In order for any of the parties to have a claim under the tort of negligence against Buy Your Choice Plc they must establish that a duty of care exists between claimant and defendant, this duty was breached and that the breach led to injury as established in the case of Donahue and Stevenson (1932) . In establishing whether there is a duty of care between parties Lord Wilberforce laid down the test in Anns v Merton LBC (1977)  and it was further developed by Lord Bridge in Caparo Industries v Dickman (1990) . A duty of care arises where the damage is foreseeable, there is a proximate relationship between the parties and it is just and equitable to impose such a duty.
Breach of statutory duty is another tort which may be considered in the circumstances. This is separate from the tort of negligence. Here, the burden of proof is on BuyYour Choice Plc to prove that it was not reasonably practicable to comply with the regulation and in many cases liability may be strict as held in Dairies v Health and Safety Executive (2002) . The company has a civil duty to comply with the Workplace (Health, Safety and Welfare) Regulations 1992, the Provision and Use of Work Equipment Regulations 1998, the Control of Substances Hazardous to Health Regulations 1999 and Health and Safety (First Aid) Regulations 1981.
Lonna’s chances of success in an action against her employer Buy Your Choice limited will depend on how far the company has gone to fulfilling its duties to provide a safe working environment. The employer also has a responsibility to ensure that the employees know what the safety rules and regulations are as was established in Wilson v Tyneside Window Cleaning Co (1958). Lonna was clearly provided with safety gloves by her employer which she wore until the bee landed on her face. Leach v British Oxygen Co (1965)  held that the plaintiff’s whose job was to break up calcium chloride, used the wrong equipment for it and was consequently injured by an explosion could not sue his employer. We can therefore assume that Lonna knew of the safety requirements involved in her line of work and the need to take necessary precautions to protect her hands when handling harmful chemicals. It would be difficult to attach liability to the employer as a result of her decision to remove the safety gloves provided to her.
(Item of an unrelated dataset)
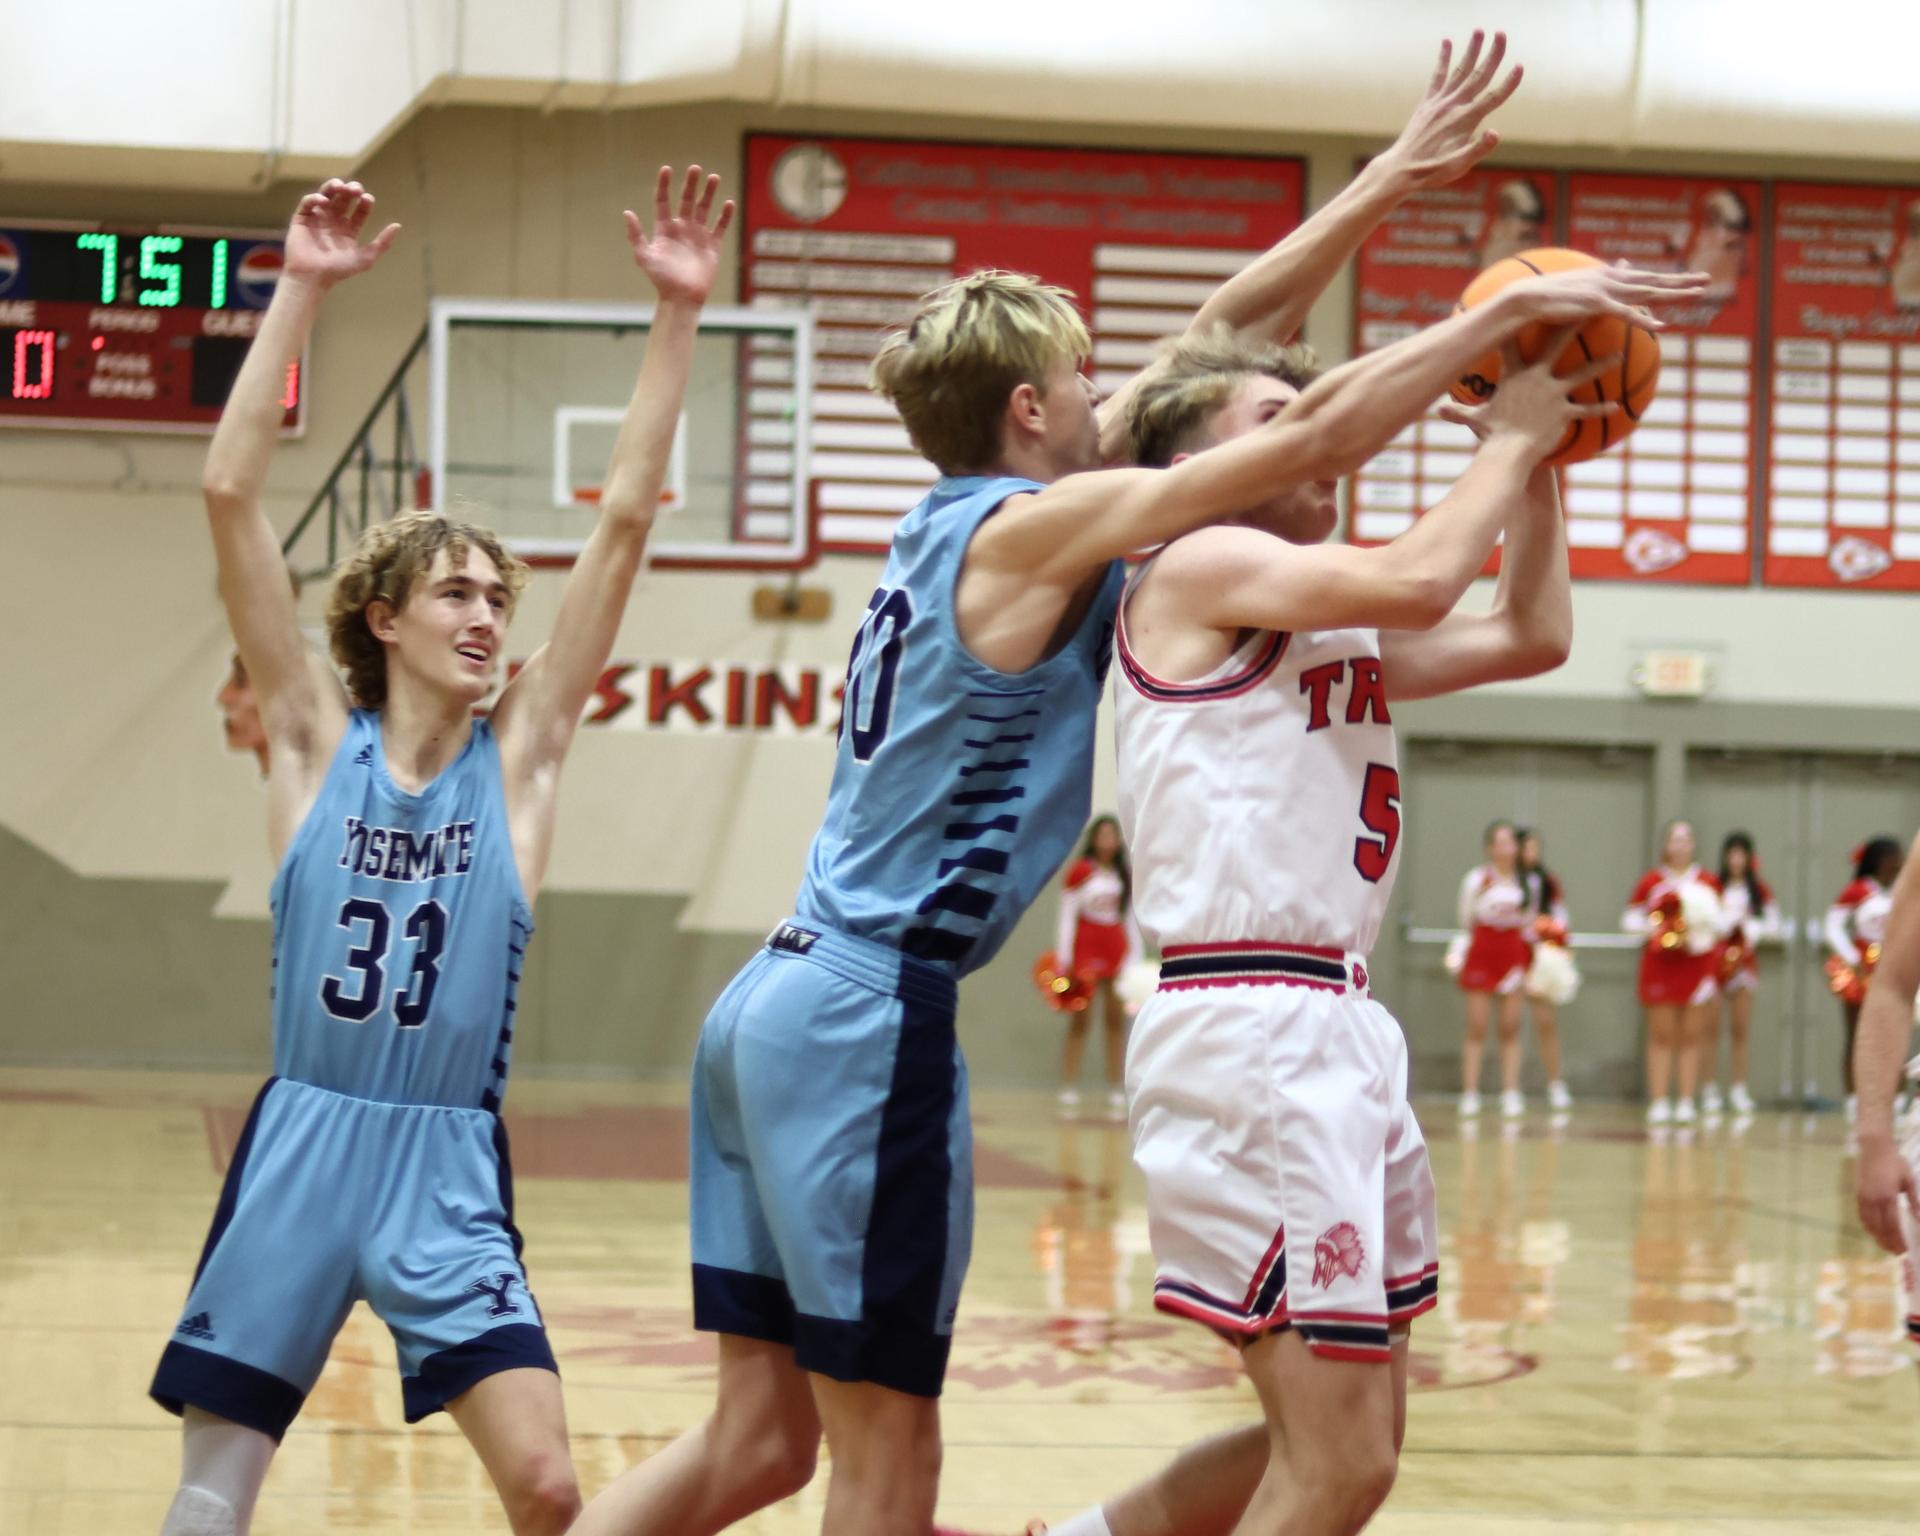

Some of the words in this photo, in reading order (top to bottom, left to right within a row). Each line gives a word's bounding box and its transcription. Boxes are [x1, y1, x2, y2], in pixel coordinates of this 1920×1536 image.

[1353, 762, 1401, 884] 5
[319, 897, 451, 1030] 33
[464, 1271, 526, 1320] Y
Latimer v AFC Ltd 1953 established that if the employer has taken all the steps expected by a prudent employer, then there will be no liability at common law. In Cummings (or McWilliams) v Sir William Arrol & Co   it was held that the employer was not liable for the injury sustained by an employee who was not provided a safety belt as if he had been provided one it is unlikely that he would have worn it. That being the case Buy Your Choice Plc is unlikely to be liable for negligence if they actually provided Lonna with the safety gloves and she took them off whilst still being in danger of the harmful acid.
General Cleaning Contractors v Christmas however provides that if there was a general practice of ignoring safety instructions the employer would be expected to go further in training and highlighting potential dangers to employees. Baker v T. Clarke Ltd  is further evidence of this as it states that an employer’s liability is only triggered where there is some knowledge that safety precautions are not being complied with by staff and the necessary training and reminders are not provided. If the employer has given guidance and training to the employee however, they are not obliged to also give repetitive reminders.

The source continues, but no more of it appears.